SURFACE TREATMENT: Token Gesture Portfolio

Series of prints considers the possibilities of idiom, meaning done for sake of appearance

With COVID-19 slowing gallery openings, we will keep your art experiences alive by looking back at some still relevant shows/reviews. Today, we revisit the “Token Gesture Portfolio” exhibited at the McAllen Public Library in Spring 2014.

BY NANCY MOYER

SPECIAL TO THE MONITOR

An enjoyable and relevant exhibition is now being shown at the McAllen Public Library.

“Token Gesture Portfolio’ is a series of stunning black and white relief prints bringing together the wit and imagination of several professional printmakers.

The artists participating in this portfolio project were asked to design a token based on a contemporary issue (financial, environmental, social, political, or etc.), and this portfolio is the result.

Presented as either a 24” or 18” print on 26” x 26” paper, these robust designs address issues ranging from the very personal to the universal.

Stefanie Dykes of Saltgrass Printmakers, an organization based in Salt Lake City, organized the project. Originally exhibited at IMPACT8 in Dundee, Scotland, it is on display in the Lobby Gallery.

Historically, tokens are cultural objects that reflect a history of colonialism, exploitation, and modern consumerism. Often used during times of political and financial crisis, the token was in effect a redeemable pledge. This pledge was redeemable for goods and services, as wereonce- upon-a-time wooden nickels – coin-like objects used instead of currency during hard times. Specific trade tokens were often designed and given to placate employees, persuade voting populace, or entice customers to purchase merchandise. Some of you might remember discount bus tokens.

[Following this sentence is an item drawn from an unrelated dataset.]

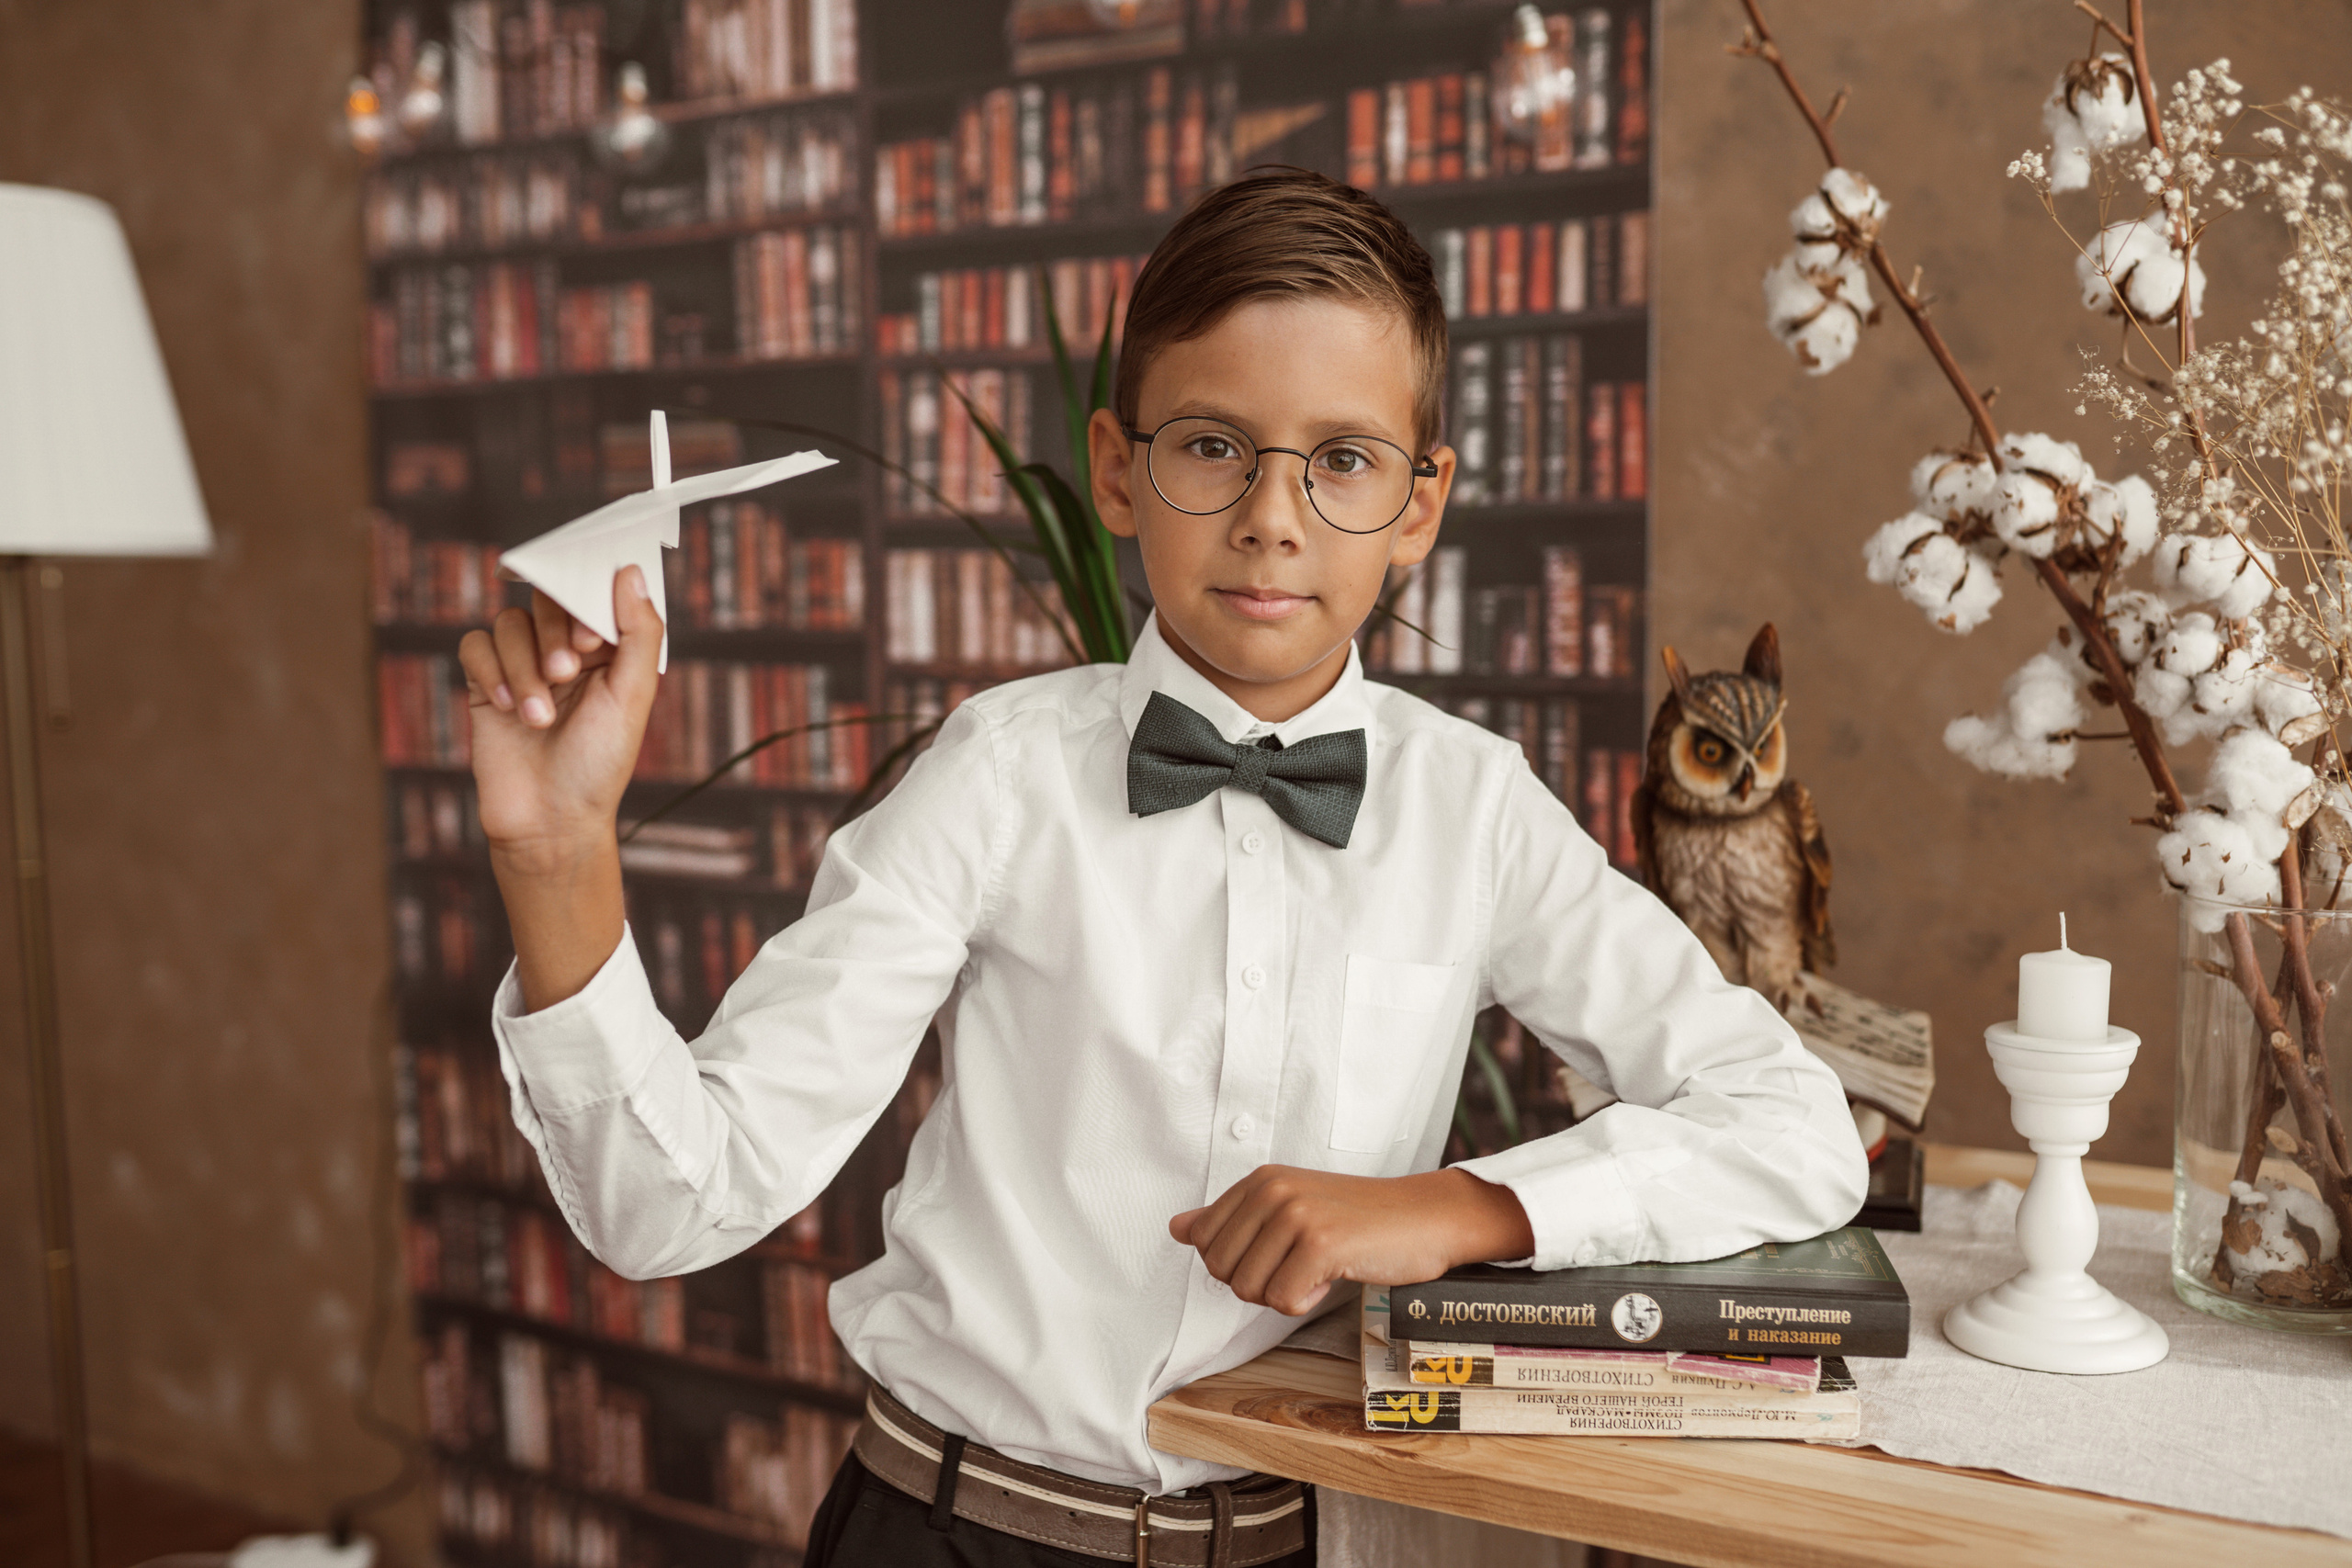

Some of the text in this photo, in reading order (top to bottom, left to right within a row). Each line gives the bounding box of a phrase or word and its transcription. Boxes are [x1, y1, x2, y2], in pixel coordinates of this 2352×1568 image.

While tokens of the past usually offered a direct empirical usage, these token gestures have a psychological bite built into them and eschew practicality. Cynicism is easy to find. “Empty Words” by Travis Janssen speaks of the insincerity often found in company or organizational appreciation plaques and gestures. “Facts,” by Lewis J. Crawford, suggests presenting this token to your local TV news agency for one story based on factual information. Some of them speak of disillusionment, such as the “Obama=Zero Cents” token by Brian Taylor. The token states that it is “redeemable for any loss of hope.” Humor, or possibly a warning, is contained in “Redeem Token for a Chance to Open a Big Can of Worms” by Adam Larsen. Nick Mendoza suddenly turns a scary corner. His token, “Good for One Border Crossing,” leaves us with an uneasy feeling in these days of Border violence; isn’t the bearer going to come back? The wit and imagination go on.

The technique used in making these prints may be interesting to some of you. Moving beyond the early 20th century aesthetic of the skillbased art product, this print exhibit endorses the idea/concept as the paramount aspect of an artwork. The design for each print was fed into a computer using CNC (computer numerical control) and a relief plate was laser cut in a fraction of the time it would have taken the printmaker to cut it manually in wood or linoleum. But with a nod to the traditional block-print craft, the plates were hand-inked and printed.

On loan from Jesus De La Rosa, Assistant Professor at TAMUKingsville, the “Token Gesture Portfolio” is sponsored by the International Museum of Art & Science and will be up for another month. In addition to its being a fun art experience, this exhibit offers some serious insights into contemporary life.